Je me rend au jardin situé à côté de la gare R.E.R et comme le paradisier bleu je nettoie le sol et m’assure que le soleil viendra bien illuminer mon visage pendant ma danse. Je suis spectacle pour trois cloches et deux nounous avec ribambelle d’enfants. Ma danse est improvisation, métamorphose entre la femme et l’animal, ponctuée de petits cris aigus de corneille et de roucoulements de pigeon. Les nounous décampent, les cloches sont happés et entament une nouvelle bouteille de rosé, je m’immobilise, essoufflée, enivrée par cette danse rituelle improvisée d’une culture sans autre fondement que mes tests du jour. Filmée par une amie cette séquence aurait surement enflammée les réseaux sociaux mais je ne produis pas de traces visuelles. Je laisse un post-it sur un banc avant de quitter le jardin « Oulala c’est dur aujourd’hui »

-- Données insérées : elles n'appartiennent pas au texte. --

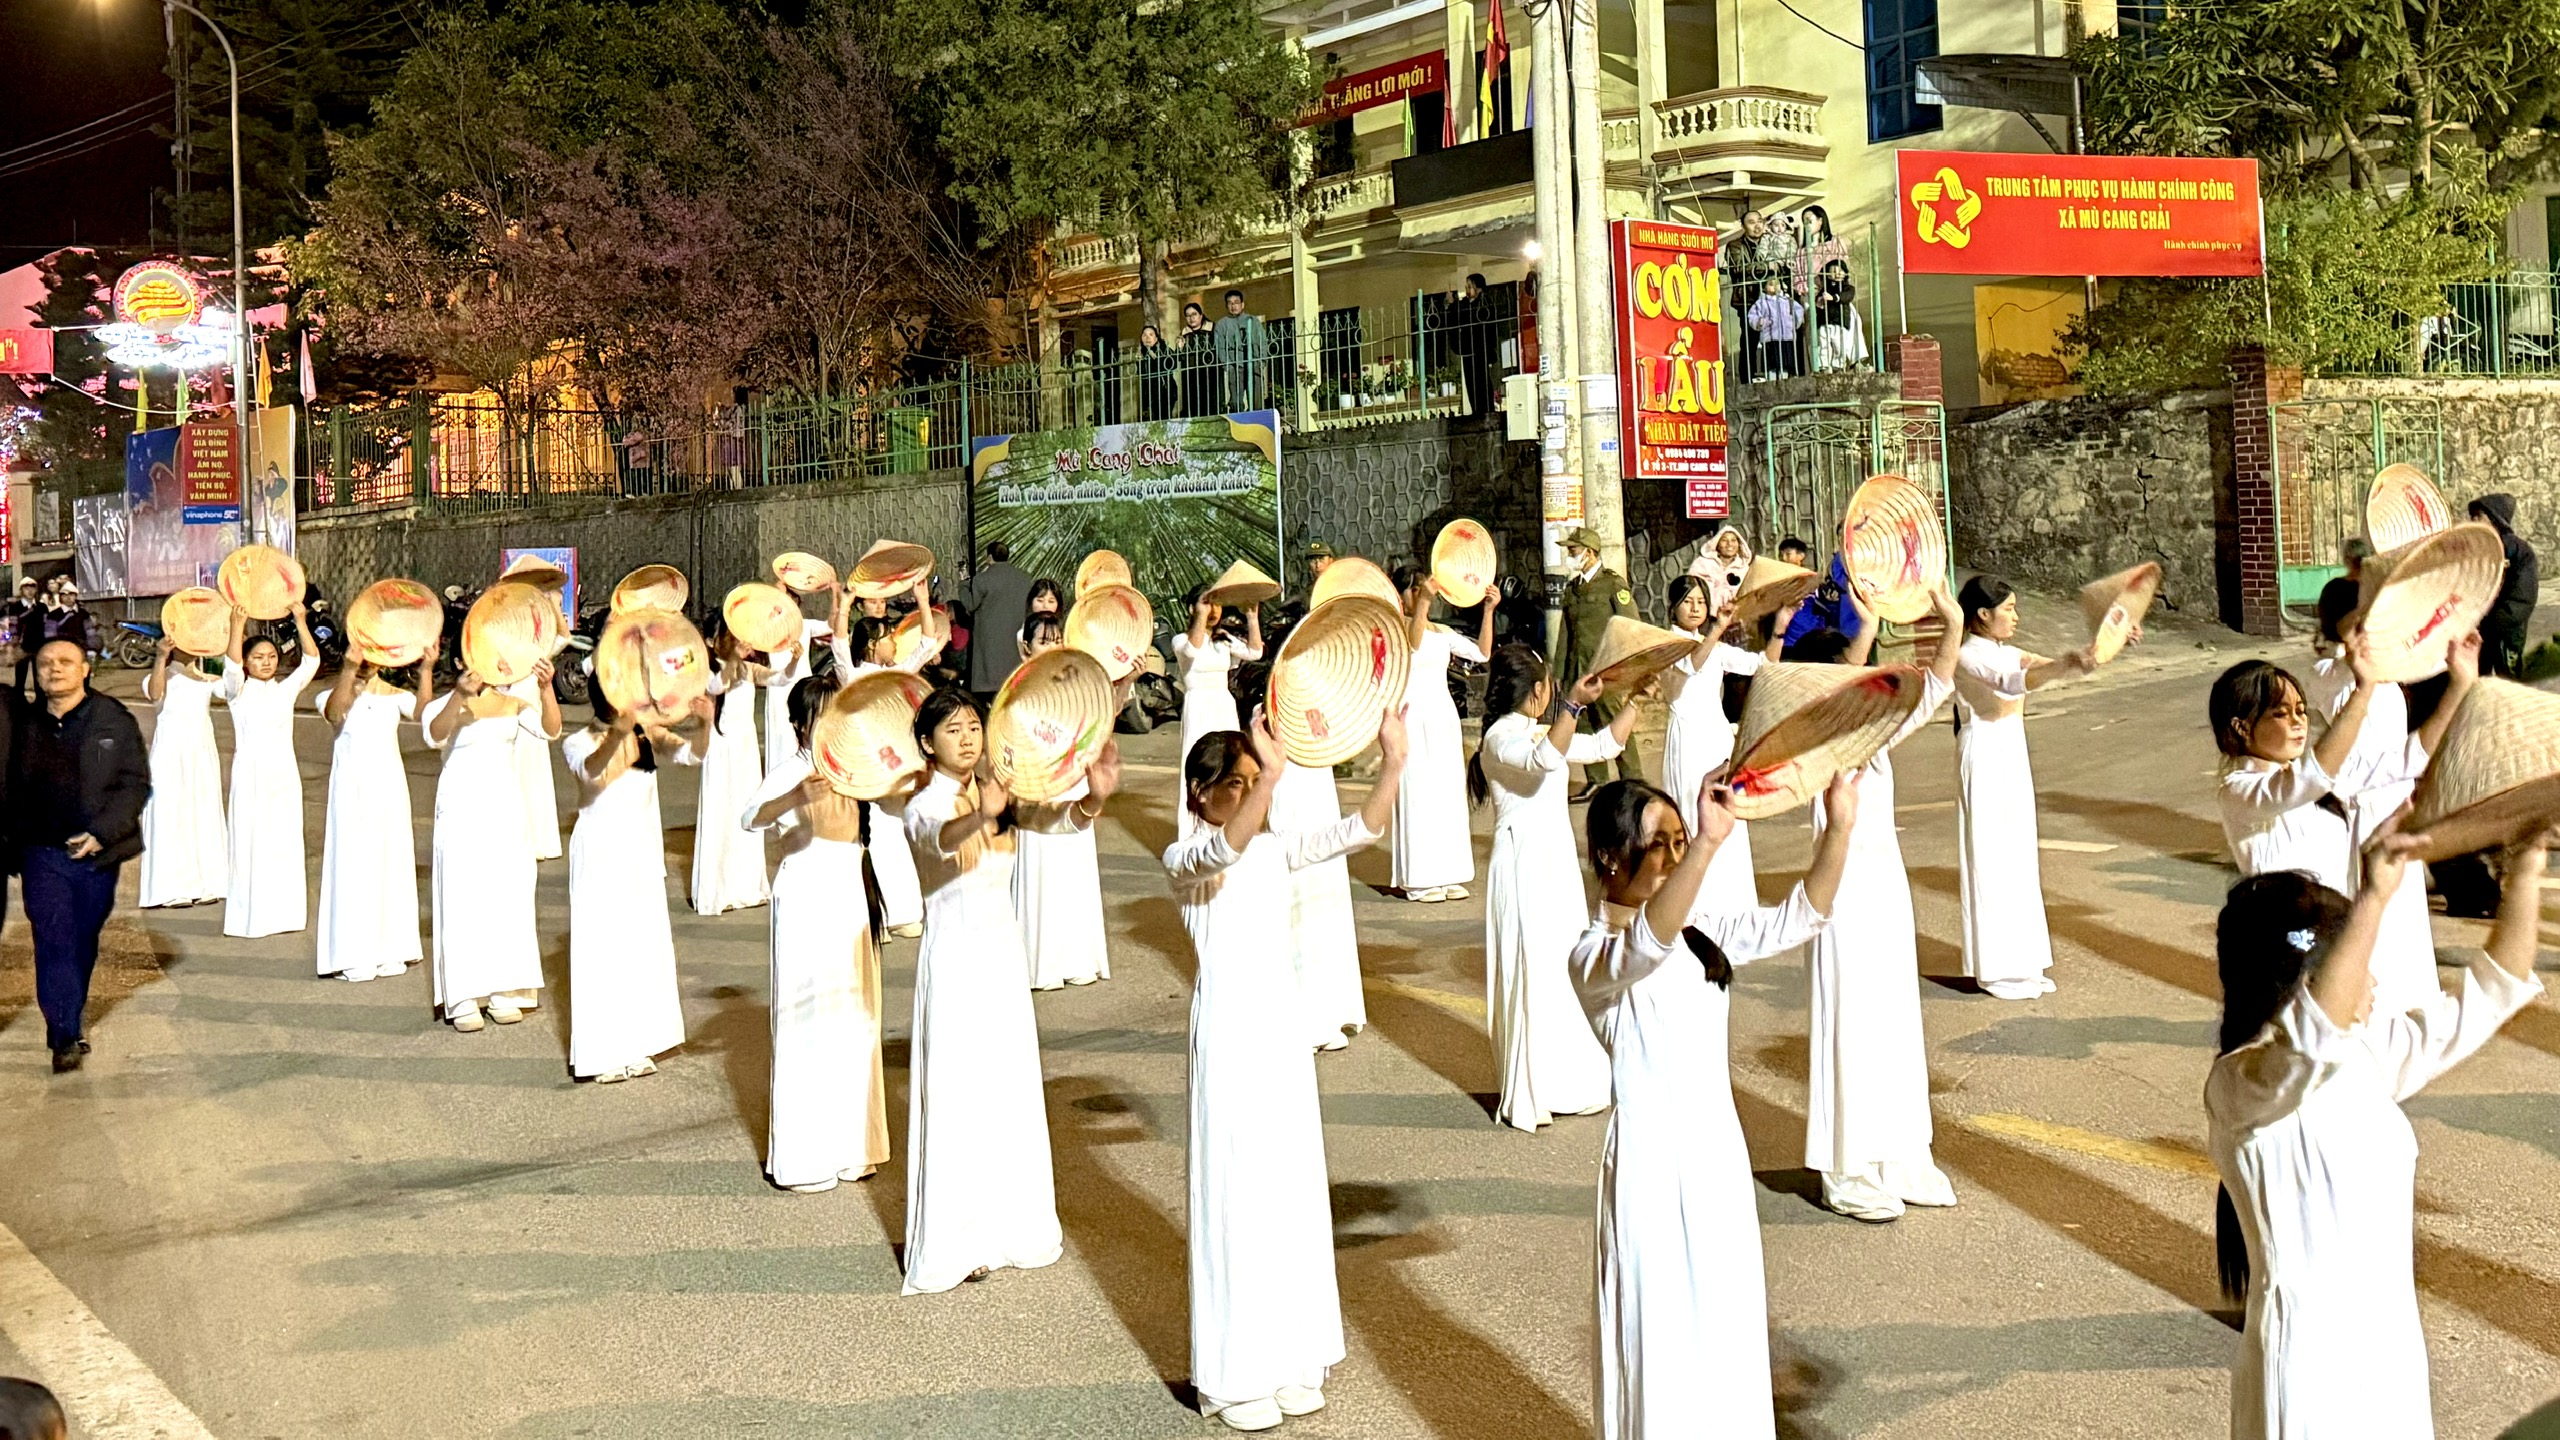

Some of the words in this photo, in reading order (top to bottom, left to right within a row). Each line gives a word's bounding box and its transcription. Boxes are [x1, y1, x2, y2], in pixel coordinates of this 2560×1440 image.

[1375, 76, 1395, 98] LỢI
[1398, 64, 1424, 90] MỚI
[1986, 177, 2031, 197] TRUNG
[2033, 174, 2062, 198] TÂM
[2064, 178, 2100, 202] PHỤC
[2101, 179, 2119, 202] VỤ
[2121, 176, 2157, 199] HÀNH
[2158, 177, 2198, 200] CHÍNH
[2200, 178, 2235, 201] CÔNG
[2059, 205, 2078, 229] XÃ
[2079, 205, 2100, 229] MÙ
[2102, 209, 2138, 229] CANG
[2140, 202, 2171, 230] CHẢI
[1639, 228, 1656, 244] NHÀ
[1657, 229, 1680, 247] HÀNG
[1681, 230, 1700, 249] SUỐI
[1701, 235, 1715, 250] MƠ
[2164, 239, 2186, 249] Hành
[2211, 240, 2231, 252] phục
[2232, 242, 2243, 252] vụ
[1633, 252, 1722, 324] CƠM
[1636, 326, 1726, 415] LẨU
[191, 429, 206, 437] XÂY
[193, 439, 207, 447] GIA
[1702, 421, 1727, 446] TIỆC
[192, 449, 208, 459] VIỆT
[210, 450, 229, 458] NAM
[1088, 446, 1132, 475] Cang
[185, 510, 223, 521] vinaphone

Deuxième test, je me poste devant la sortie principale de la gare, immobile, le regard fixé sur un panneau publicitaire au-dessus des portes : « le vrai prix des bonnes choses ». Je ne bouge pas, j’attire les regards qui rebondissent sur moi pour se diriger vers le panneau publicitaire. Des personnes déposent des pièces de monnaie à mes pieds, tout spectacle mérite salaire. Je me sens bien, une séance de méditation inédite, je penche ma tête vers le sol, il y a 9 euros et 75 centimes à mes pieds. De mémoire d’Essonniens et d’Essoniennes rien de semblable ne s’était produit jusqu’alors.
Avant de rentrer je passe chez mon primeur, il me reconnaît grâce à mon baggy et à mon sac poisson, il ne fait pas de commentaire, sa politesse plus forte que sa curiosité. Je prends sept fruits différents et un bouquet de basilic thaï pour ma salade du jour. Je suis spectaculaire.